During the four days at the hospital, my questions were answered. No, I had type 1 diabetes (formerly called juvenile diabetes), which was not caused by overeating or unhealthiness. It’s almost an entirely different disease from the type most diabetics have. In an autoimmune disorder, my antibodies destroyed the cells that produced insulin, which is a vital hormone that carried food to my cells. Without insulin, the food I ate built up in my blood (a condition called high blood sugar) instead of getting fed to my starving cells. This resulted in a lack of energy and my brain commanding me to eat and drink everything in sight.

The nurses taught me how to calculate the right amount of insulin to inject per number of carbohydrates I planned to consume. I hated weighing or measuring every single item I ate to help determine the number of carbohydrates. But if I didn’t inject enough insulin and my blood sugar remained too high for too long, my blood could turn toxic and send me into a deadly coma.
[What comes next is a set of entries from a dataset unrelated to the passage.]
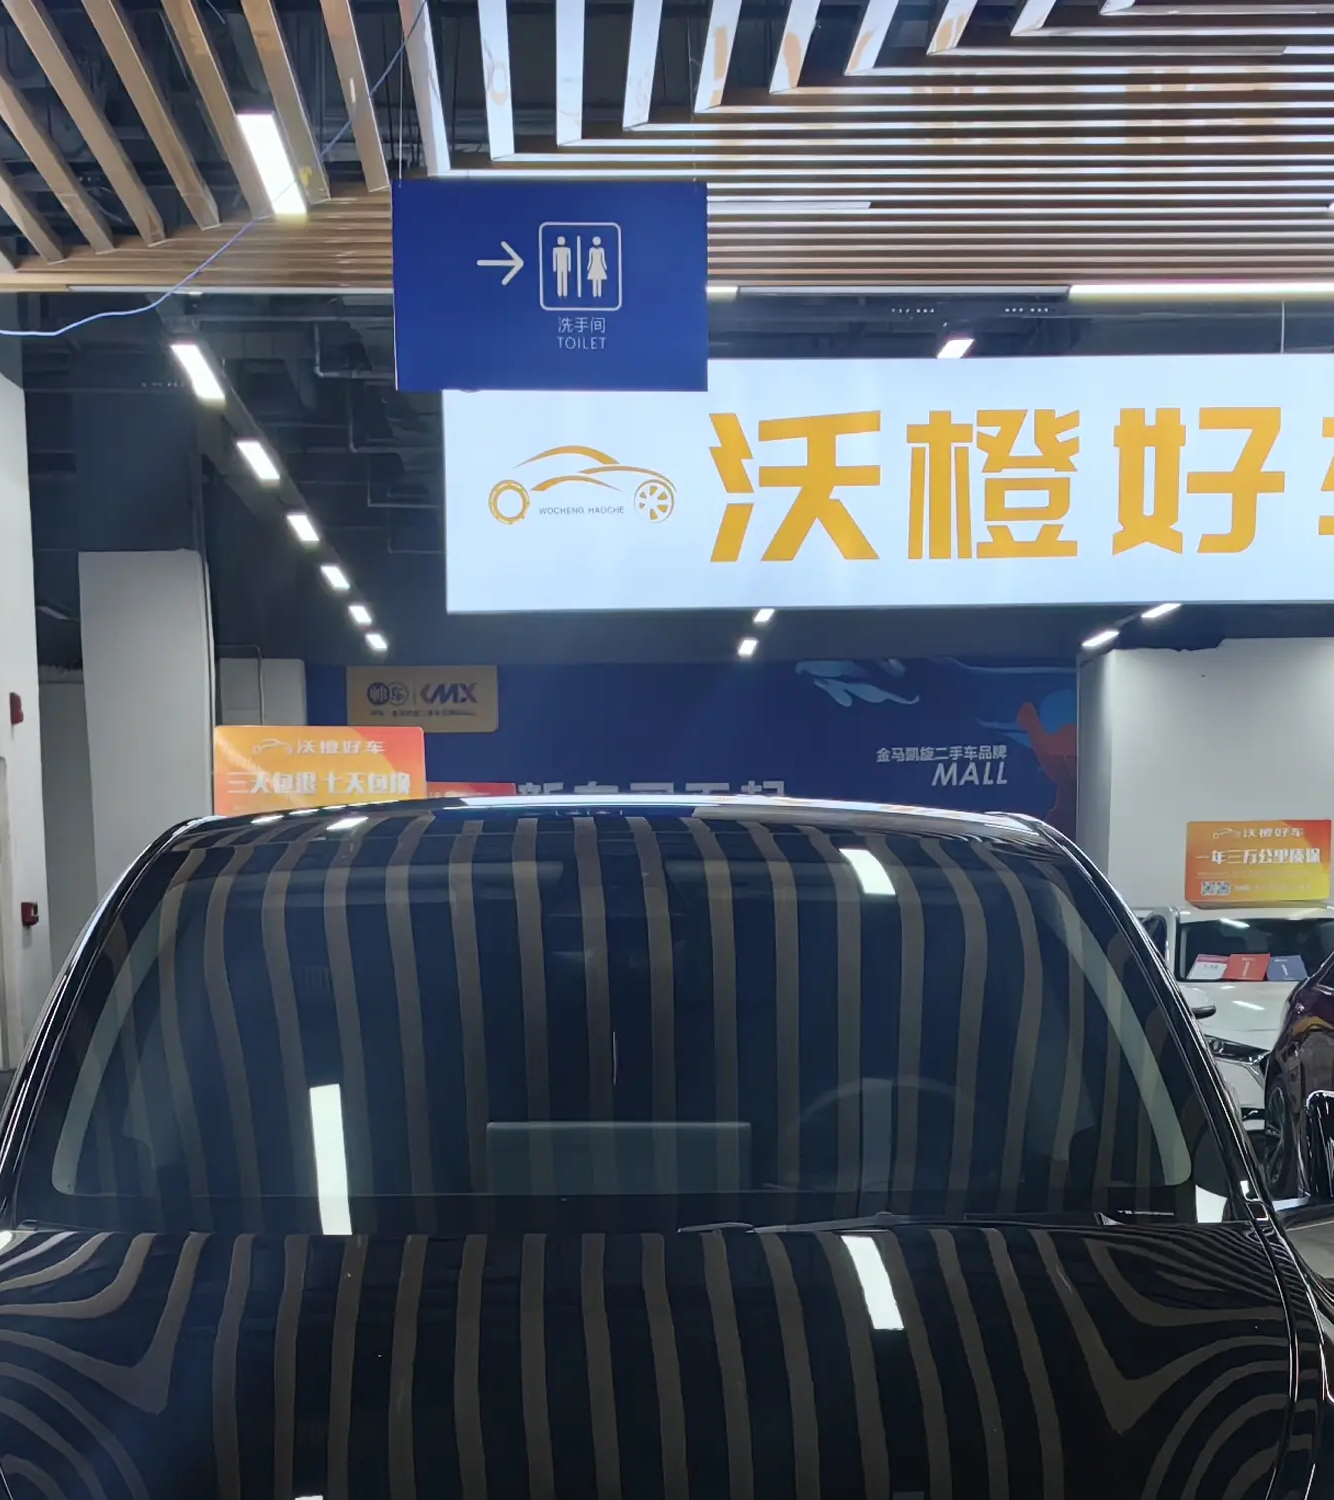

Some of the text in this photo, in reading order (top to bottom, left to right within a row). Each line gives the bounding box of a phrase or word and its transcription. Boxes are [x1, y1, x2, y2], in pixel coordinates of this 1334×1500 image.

[557, 316, 606, 333] 洗手间
[557, 336, 607, 349] TOILET
[420, 682, 478, 704] CMX
[296, 739, 386, 754] 沃橙好车
[227, 771, 411, 795] 三天包退 七天包换
[931, 761, 1008, 786] MALL
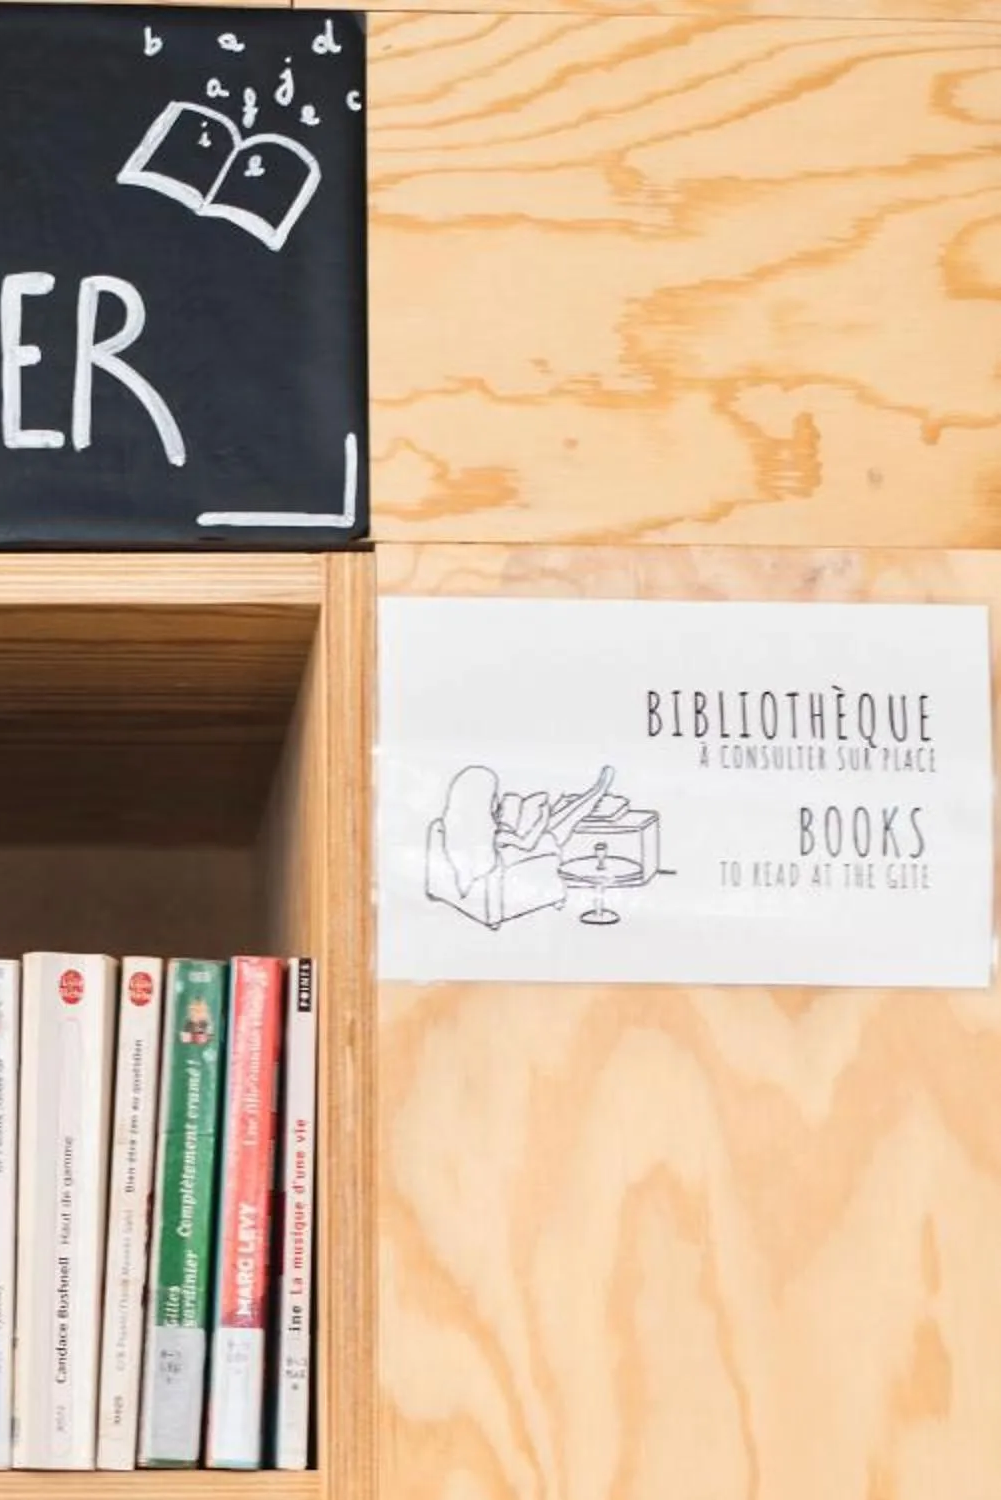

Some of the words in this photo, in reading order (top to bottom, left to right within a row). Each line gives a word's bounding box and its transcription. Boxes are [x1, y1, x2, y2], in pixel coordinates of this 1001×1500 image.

[143, 26, 163, 56] b
[312, 18, 342, 54] d
[206, 77, 230, 98] a
[346, 90, 362, 111] c
[300, 103, 322, 126] e
[647, 684, 932, 749] BIBLIOTHÈQUE
[720, 744, 828, 771] CONSULTER
[838, 746, 872, 772] SUR
[882, 746, 937, 773] PLACE
[799, 805, 926, 860] BOOKS
[719, 861, 742, 888] TO
[752, 861, 800, 888] READ
[811, 862, 832, 888] AT
[843, 862, 876, 889] THE
[298, 962, 311, 1009] POINTS
[293, 1119, 307, 1144] vie
[62, 1135, 76, 1187] gamme
[290, 1150, 306, 1194] d'une
[60, 1190, 73, 1207] de
[176, 1123, 199, 1238] Complètement
[59, 1212, 72, 1245] Haut
[238, 1202, 258, 1253] LEVY
[290, 1199, 308, 1270] musique
[55, 1256, 71, 1319] Bushnell
[237, 1256, 256, 1316] MARC
[289, 1274, 303, 1295] La
[287, 1305, 302, 1332] ine
[54, 1322, 71, 1385] Candace
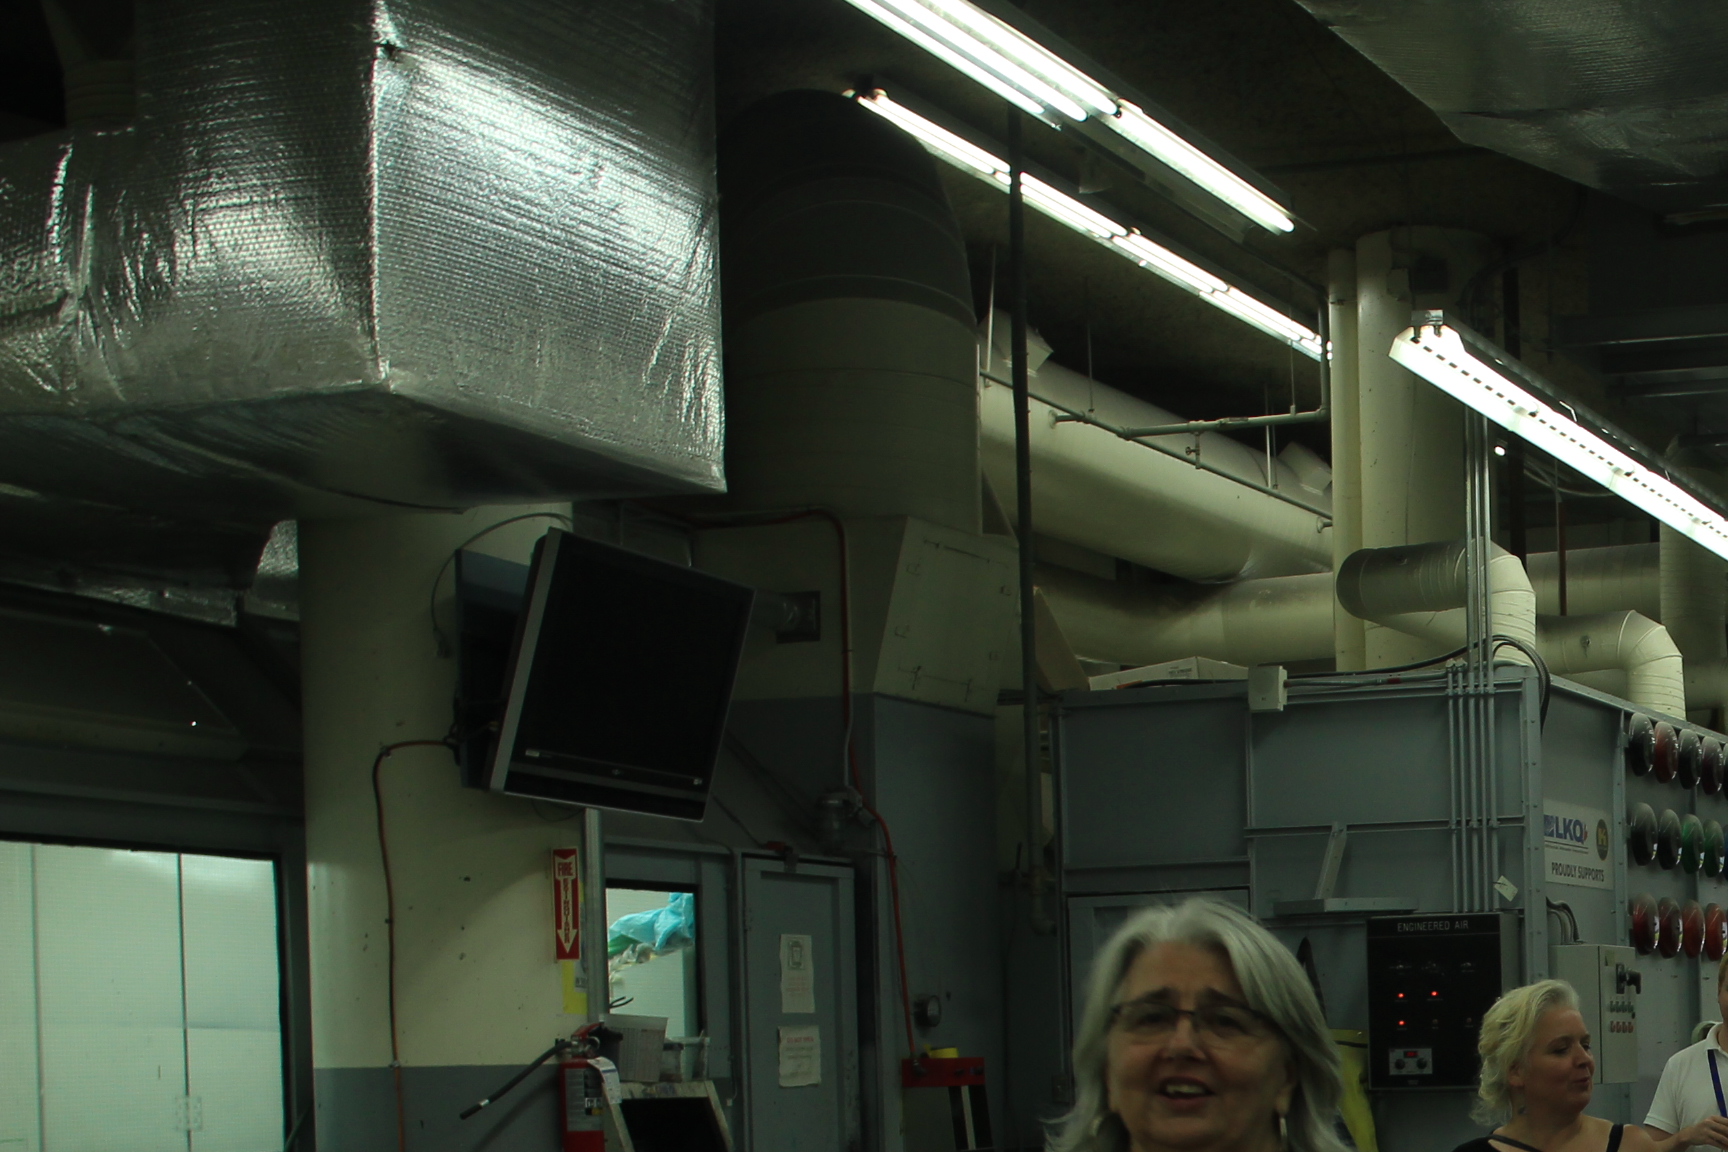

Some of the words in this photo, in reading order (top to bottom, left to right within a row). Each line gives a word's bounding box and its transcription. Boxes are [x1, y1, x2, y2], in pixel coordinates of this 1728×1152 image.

[1555, 816, 1584, 845] LKQ
[557, 861, 574, 877] FIRE
[1551, 862, 1577, 878] PROUDLY
[1578, 866, 1605, 882] SUPPORTS
[1397, 920, 1451, 933] ENGINEERED
[1454, 919, 1470, 930] AIR
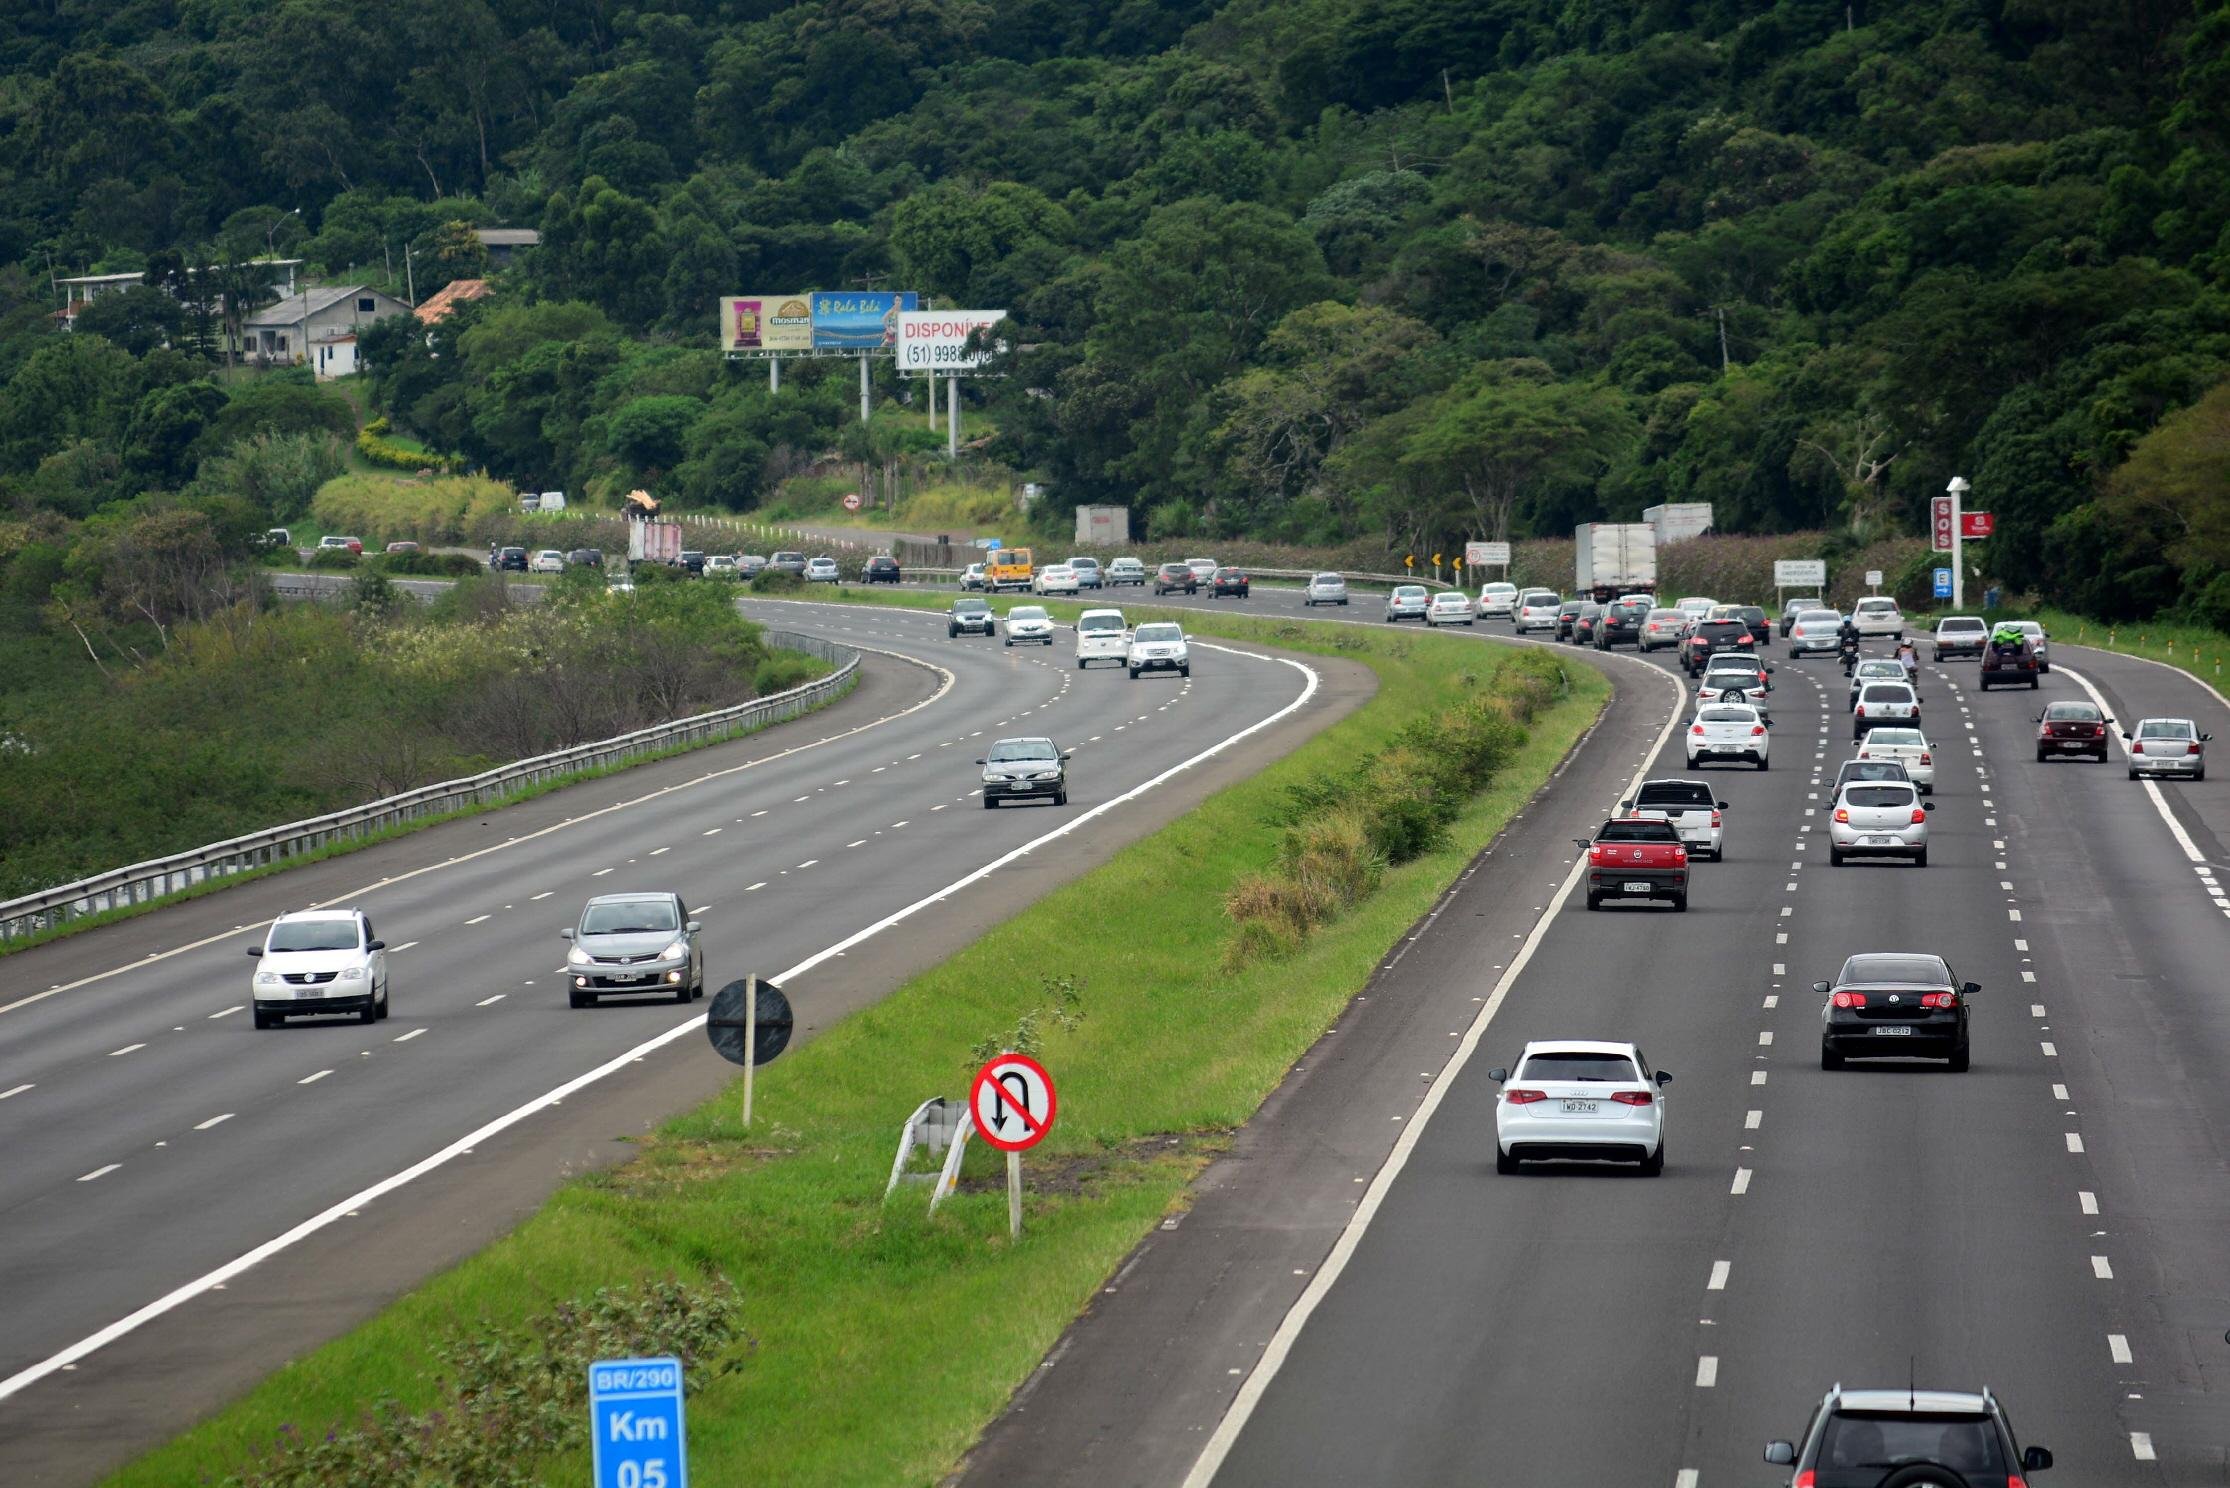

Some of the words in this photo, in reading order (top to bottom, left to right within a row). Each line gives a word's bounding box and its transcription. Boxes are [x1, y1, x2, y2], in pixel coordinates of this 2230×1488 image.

[907, 344, 931, 365] (51)
[1938, 502, 1951, 547] SOS
[596, 1368, 674, 1391] BR/290
[609, 1410, 668, 1442] Km
[616, 1458, 667, 1488] 05
On the other hand, when my blood sugar gets too low from an insulin overdose, I could pass out, have a seizure, or even die. My body suddenly feels as weak and shaky as if I had fasted for seven days, then tried to bench press two hundred pounds. I sometimes become too disoriented to coherently form words or process what other people are saying. When my legs start jerking and I crash into the wall, I know it’s time to drink some fruit juice – a good source of carbohydrates.

That first month after leaving the hospital was frustrating. Since high blood sugar affects hormones (among other things), I would easily burst into tears. My blood sugar was always high, and I had to (and still must) check it a minimum of four times daily by squeezing blood from my fingers into the glucose-reader. Every time a high number appeared on the “glucometer”, I felt like a failure.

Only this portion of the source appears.